Progress reporting for downloads. by hoytak · Pull Request #645 · huggingface/xet-core

hoytak · 2026-02-10T07:41:34Z

This PR adds detailed progress reporting to the download path.

Transfer progress is reported as soon as the download streams start; actual bytes written are reported as the reconstructed file is written out.
Currently, each call to download_file creates a separate progress tracker, but this sets up for download groups with grouped download progress tracking.

To support this, the UploadProgressStream was split into three classes; a common StreamProgressReporter and download and upload specific versions. This also allows us to simplify the API to RetryWrapper.

More tracking was added to the file reconstruction paths to properly report progress.
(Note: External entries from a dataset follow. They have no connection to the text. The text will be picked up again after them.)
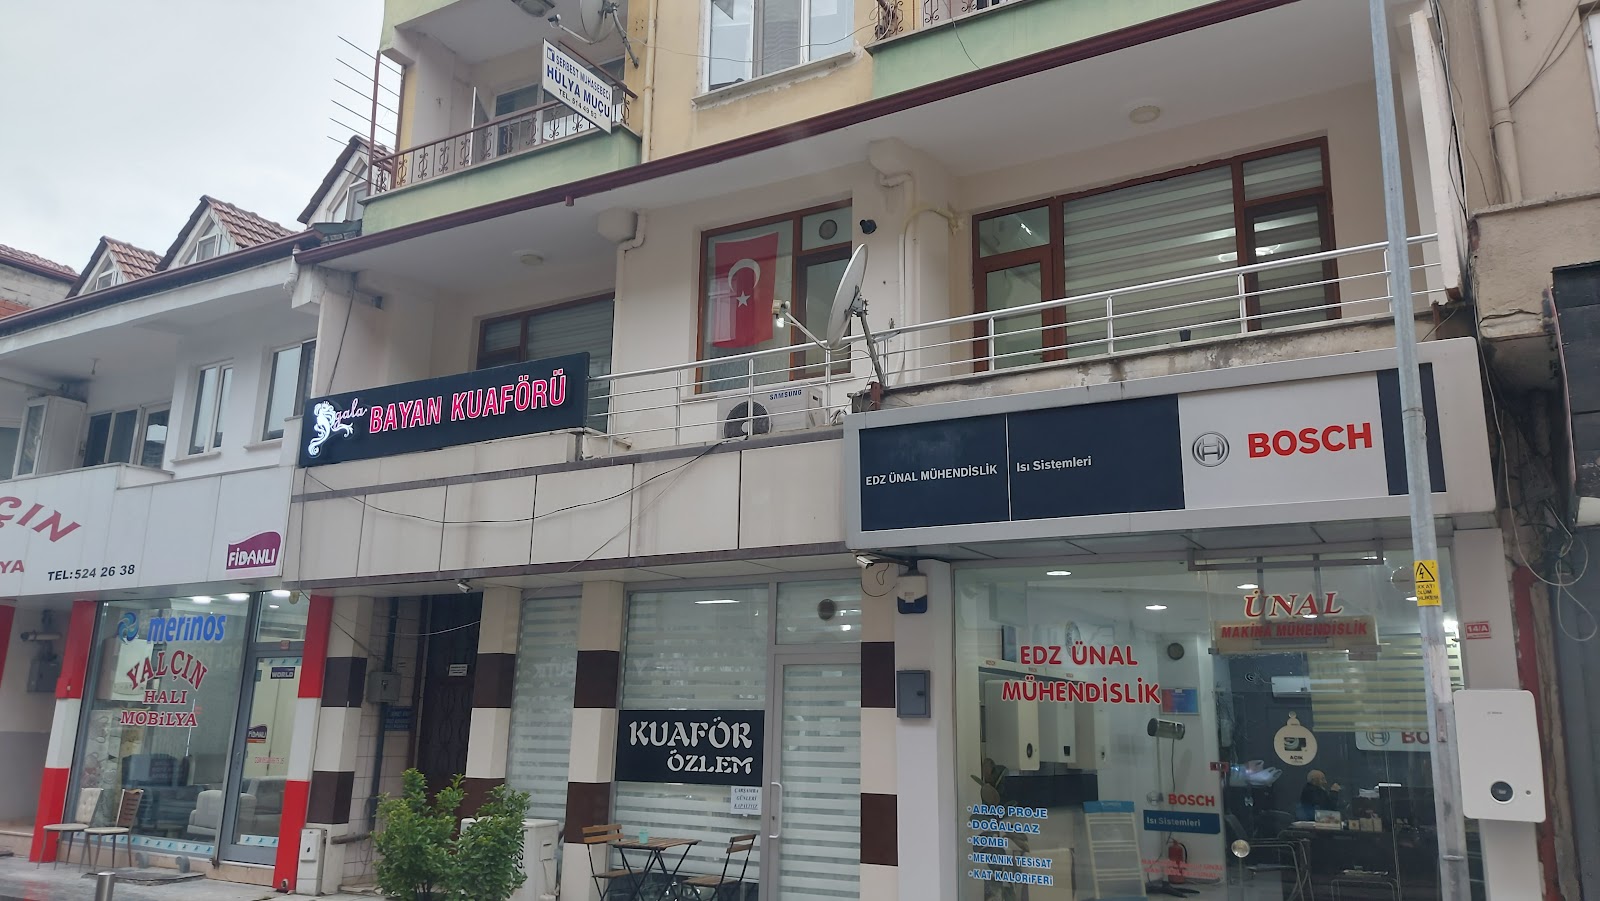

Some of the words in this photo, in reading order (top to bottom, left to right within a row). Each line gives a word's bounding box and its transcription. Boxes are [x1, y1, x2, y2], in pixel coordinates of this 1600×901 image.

[556, 55, 579, 78] SERBEST
[547, 64, 581, 98] HÜLYA
[369, 396, 442, 434] BAYAN
[450, 368, 567, 422] KUAFÖRÜ
[769, 389, 802, 400] SAMSUNG
[1247, 422, 1373, 459] BOSCH
[1016, 462, 1030, 472] Isı
[1033, 455, 1092, 472] Sistemleri
[865, 474, 887, 486] EDZ
[889, 471, 918, 484] ÜNAL
[920, 463, 998, 481] MÜHENDİSLİK
[228, 547, 276, 567] FİDANLI
[100, 566, 116, 578] 26
[119, 564, 136, 576] 38
[1245, 589, 1343, 618] ÜNAL
[146, 614, 226, 643] merinos
[1221, 622, 1272, 638] MAKİNA
[1276, 620, 1368, 638] MÜHENDİSLİK
[1467, 625, 1488, 633] 14/A
[1020, 645, 1062, 665] EDZ
[1071, 641, 1138, 666] ÜNAL
[127, 649, 208, 691] YALÇIN
[271, 671, 294, 679] WORLD
[143, 690, 188, 705] HALI
[1002, 675, 1161, 704] MÜHENDİSLİK
[629, 716, 753, 749] KUAFÖR
[667, 749, 753, 775] ÖZLEM
[1168, 793, 1215, 807] BOSCH
[972, 804, 1005, 818] ARAÇ
[1008, 806, 1048, 819] PROJE
[972, 819, 1040, 834] DOĞALGAZ
[1158, 817, 1201, 827] Sistemleri
[973, 869, 992, 880] KAT
rajatarya · 2026-02-11T16:59:31Z

Review Notes

Reviewed the full diff (+1,824 / -661 across 42 files). The architecture is clean — separating transfer bytes (network) from decompressed bytes (disk) through independent call sites is the right approach, and extracting progress from RetryWrapper internals is a nice simplification.

Items worth discussing

Relaxed atomics ordering — All counters use Relaxed. This is fine for monotonic counters, but report_bytes_written has debug_assert_le!(bytes_completed, item_total_bytes) where item_total_bytes is loaded with Relaxed from a different atomic that may be updated concurrently by update_item_size. Under weak memory ordering, the assert could theoretically see a stale item_total_bytes while seeing a current bytes_completed. Unlikely to fire in practice, but worth considering Acquire/Release on the total-size stores/loads if the asserts matter.
Fire-and-forget tokio::spawn for progress updates — DownloadTaskUpdater sends all progress via tokio::spawn(async move { inner.register_updates(...).await }). If the runtime is shutting down or under pressure, these can be silently dropped. Fine for UI progress bars, but worth a comment documenting this is intentional.
cfg!(debug_assertions) default tracker in FileReconstructor::new() — In debug builds, every FileReconstructor creates a correctness_verification_tracker even when no progress tracking is needed, and assert_complete() runs at the end. This means debug-mode downloads are strictly validated (good for catching bugs), but it's a behavioral difference from release that's easy to miss. Consider a comment explaining the intent.
determine_size_if_possible returning None — When the DP can't chain chunk ranges, remote_client.rs falls back to Vec::with_capacity(0), meaning no pre-allocation for the decompressed buffer. Is this the common or rare case? If common, might be worth a follow-up to handle it.
merge_in logic change in progress_info.rs — The merge now conditionally adds other.total_bytes_increment when other.total_bytes == 0, instead of always taking max. This subtly changes behavior when both sides have non-zero totals with increments — worth verifying this matches the intended semantics.
Unrelated changes — git-lfs availability guards in install/uninstall tests, sort_by → sort_by_key(Reverse(...)) in shard_file_manager.rs and logging.rs, and wasm formatting changes are mixed in. Minor, but could be split out.

What looks good

StreamProgressReporter with fetch_max high-water-mark for retry dedup is elegant
RetryWrapper simplification (Fn(Option<Arc<dyn Fn(f64, u64)>>) → Fn()) reduces cognitive load across ~15 call sites
cas_client no longer depends on progress_tracking — good decoupling
Test coverage is solid: ~600 new test lines covering the DP algorithm (16 cases), DownloadTaskUpdater flows (14 cases), stream progress (4 cases), and end-to-end FileReconstructor progress (4 cases)
is_final semantics on update_item_size cleanly handle both the data_client (size-known-upfront) and reconstruction (incremental-discovery) paths

rajatarya · 2026-02-11T17:06:26Z

(I'm still working through Claude-assisted review of this PR - will update with more comments/questions as I get through it. But this summary raises some good suggestions around adding comments.)

…s-stream

hoytak · 2026-02-11T20:44:41Z

Good feedback; updated in response to a couple things there (the atomic ordering, the merge_in change, and the unrelated changes).

…s-stream

rajatarya

Love seeing these changes. Did as thorough a review as I could with all the file changes - and overall I LOVE these changes. Minor comments on adding docstrings and comments.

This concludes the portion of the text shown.